▸ REQUIREMENT
Locate "Some of the text" in the listing below, then output the line holding it and every line after it, exactly and with nothing else.

○ ○ ○ ○ ○

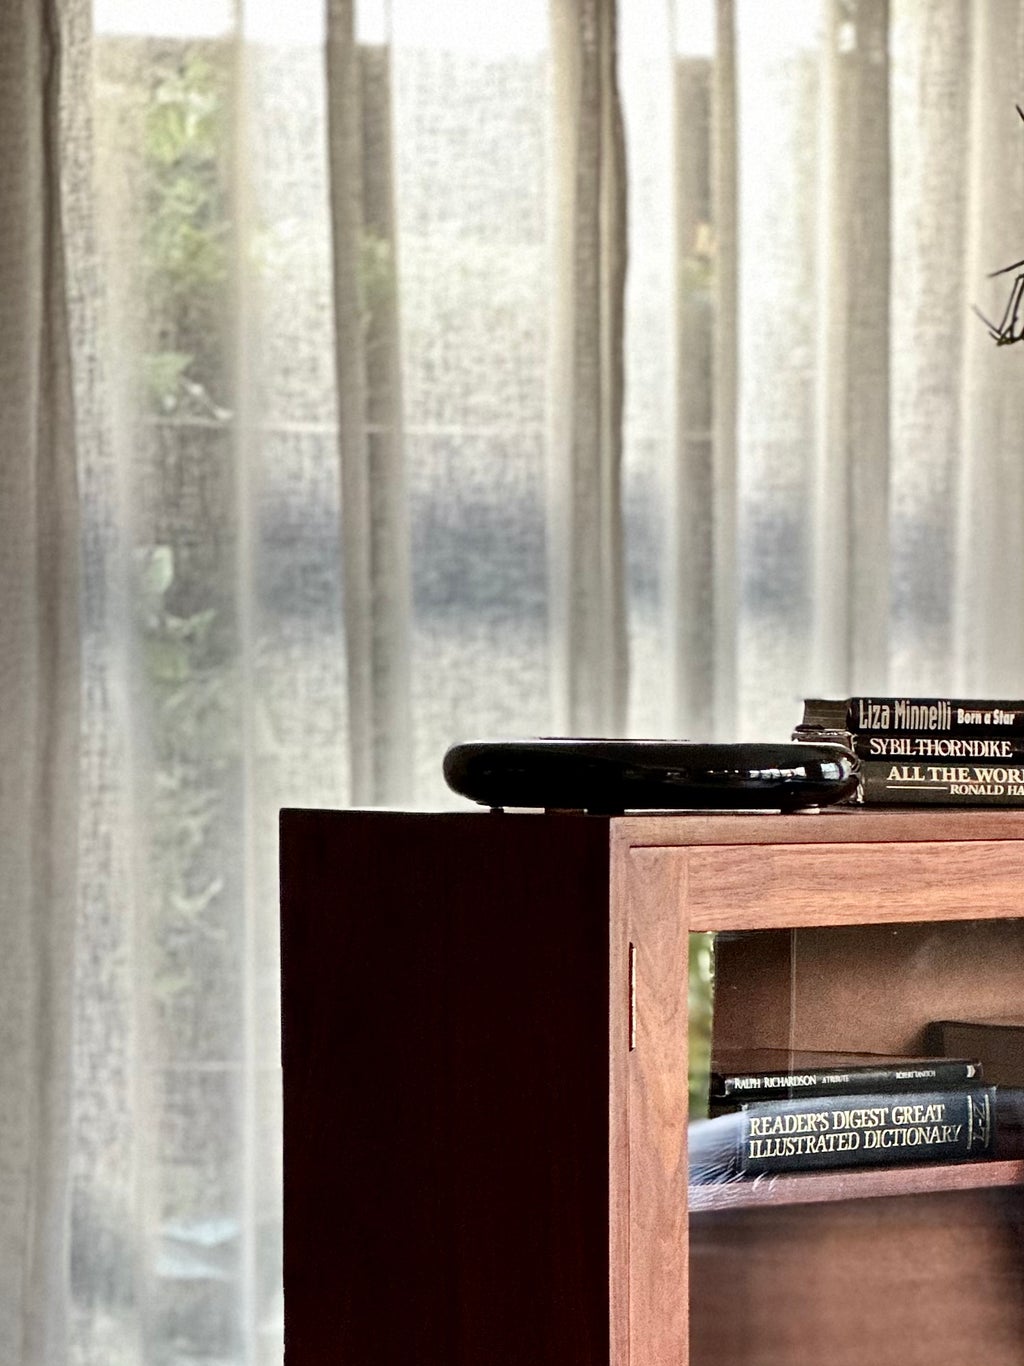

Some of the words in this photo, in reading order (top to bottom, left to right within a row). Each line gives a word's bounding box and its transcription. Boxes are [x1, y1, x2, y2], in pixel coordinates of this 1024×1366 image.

[859, 699, 890, 729] Liza
[894, 700, 951, 730] Minnelli
[957, 708, 981, 724] Born
[984, 712, 991, 725] a
[993, 709, 1015, 725] Star
[869, 737, 916, 756] SYBIL
[915, 738, 1013, 758] THORNDIKE
[886, 766, 925, 781] ALL
[927, 767, 971, 782] THE
[950, 784, 1004, 796] RONALD
[734, 1077, 761, 1089] RALPH
[764, 1075, 817, 1088] RICHARDSON
[749, 1112, 830, 1137] READER'S
[832, 1108, 889, 1130] DIGEST
[892, 1104, 945, 1125] GREAT
[748, 1131, 860, 1159] ILLUSTRATED
[863, 1124, 962, 1149] DICTIONARY
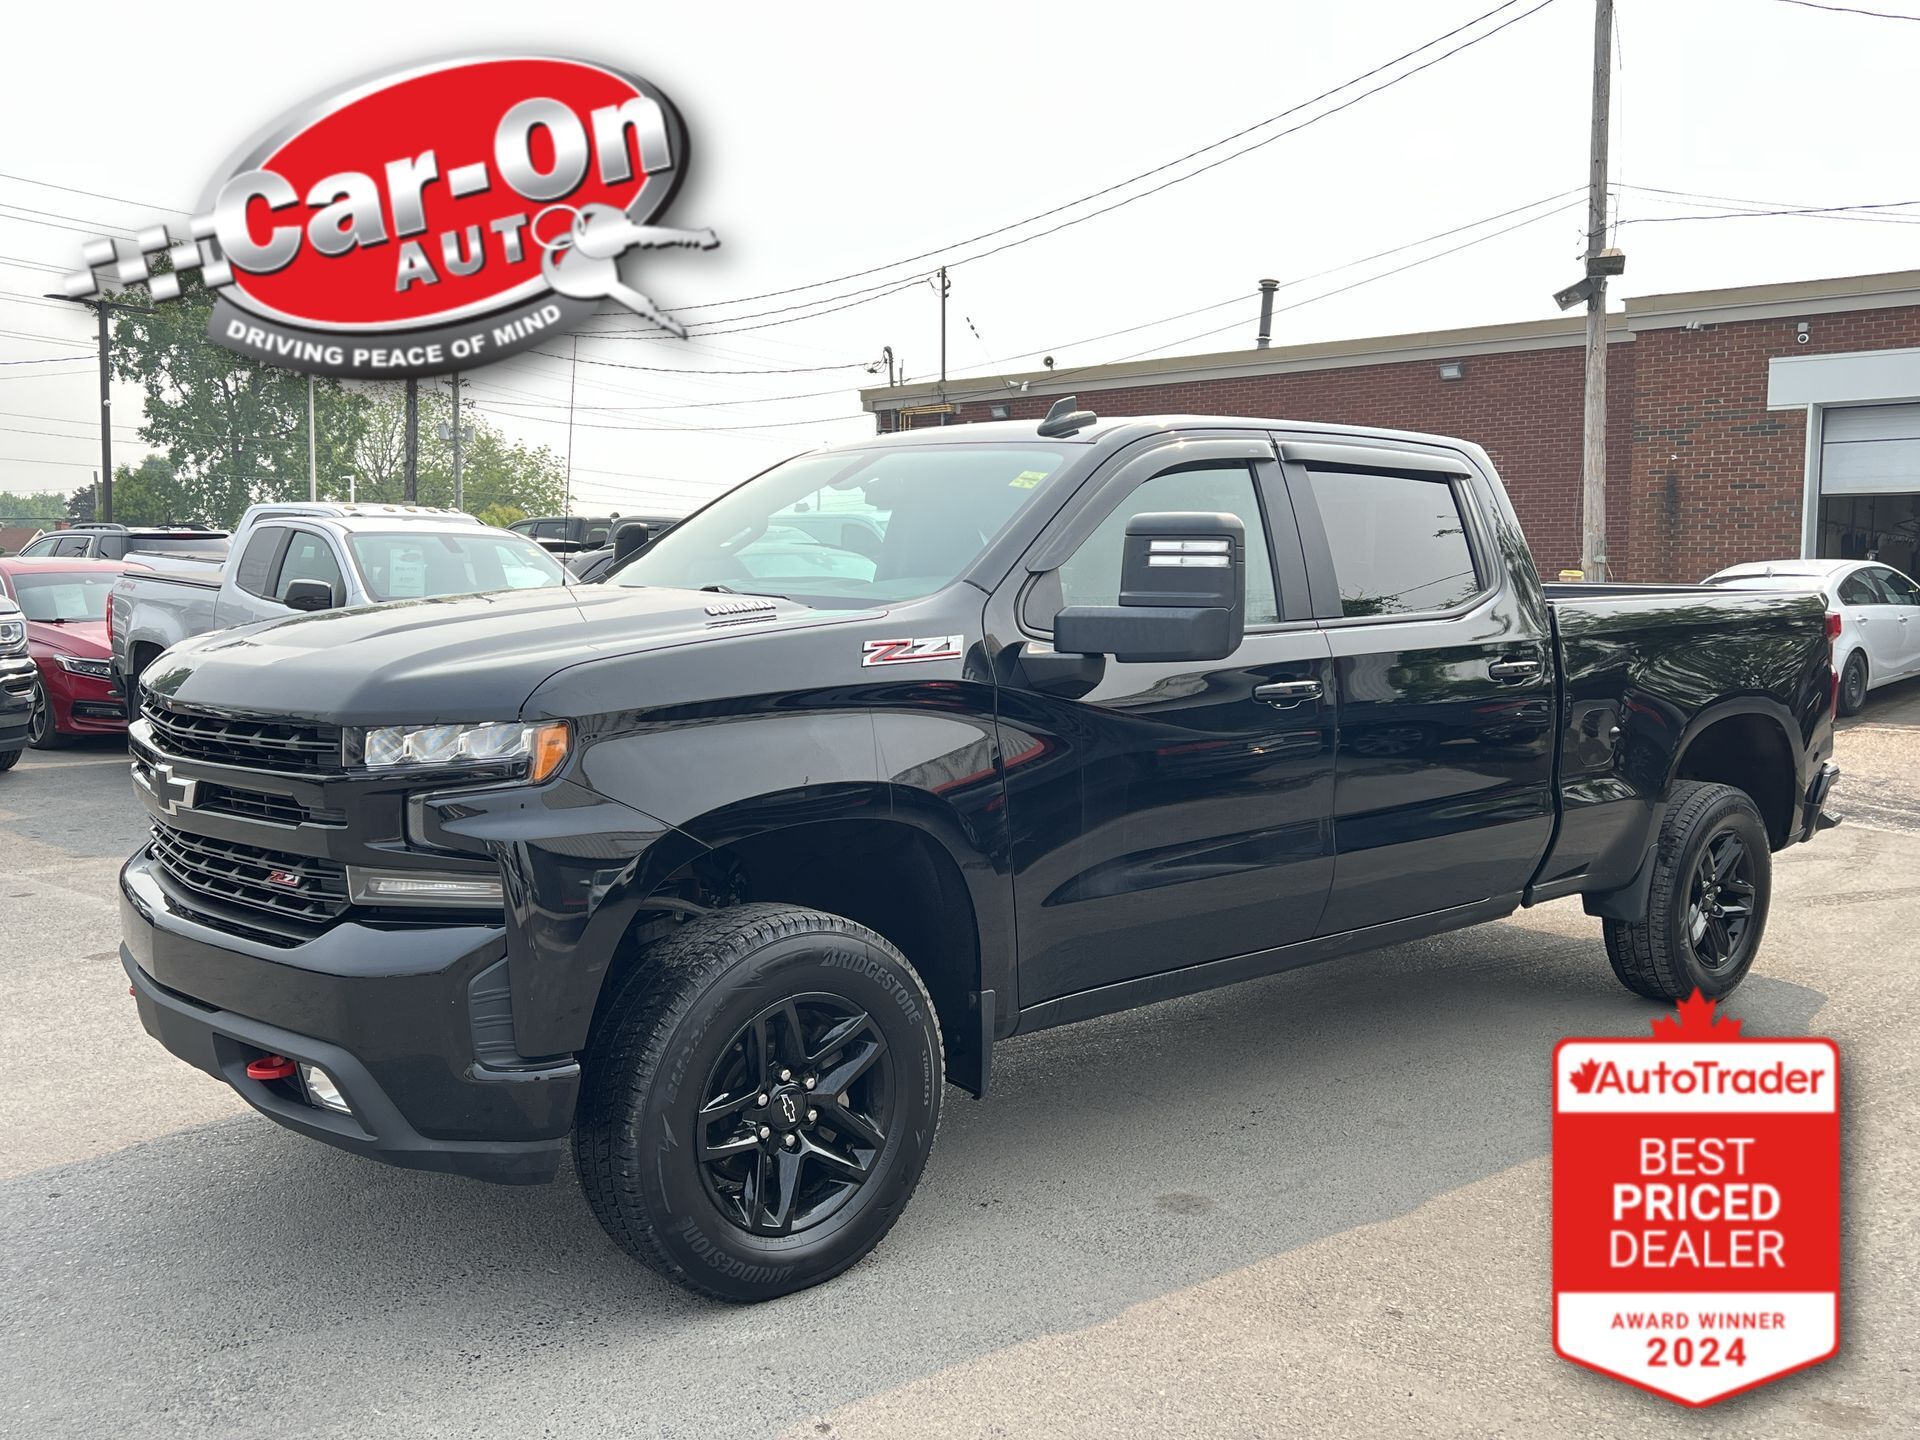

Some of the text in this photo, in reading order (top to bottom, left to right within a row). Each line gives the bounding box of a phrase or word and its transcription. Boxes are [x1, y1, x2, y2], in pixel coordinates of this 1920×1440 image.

[861, 635, 964, 667] Z71
[269, 871, 301, 887] Z71
[819, 946, 923, 1025] BRIDGESTONE
[676, 1216, 794, 1285] BRIDGESTONE

○ ○ ○ ○ ○

▸ RESULT
Some of the text in this photo, in reading order (top to bottom, left to right within a row). Each line gives the bounding box of a phrase or word and its transcription. Boxes are [x1, y1, x2, y2], in pixel coordinates of this 1920×1440 image.

[861, 635, 964, 667] Z71
[269, 871, 301, 887] Z71
[819, 946, 923, 1025] BRIDGESTONE
[676, 1216, 794, 1285] BRIDGESTONE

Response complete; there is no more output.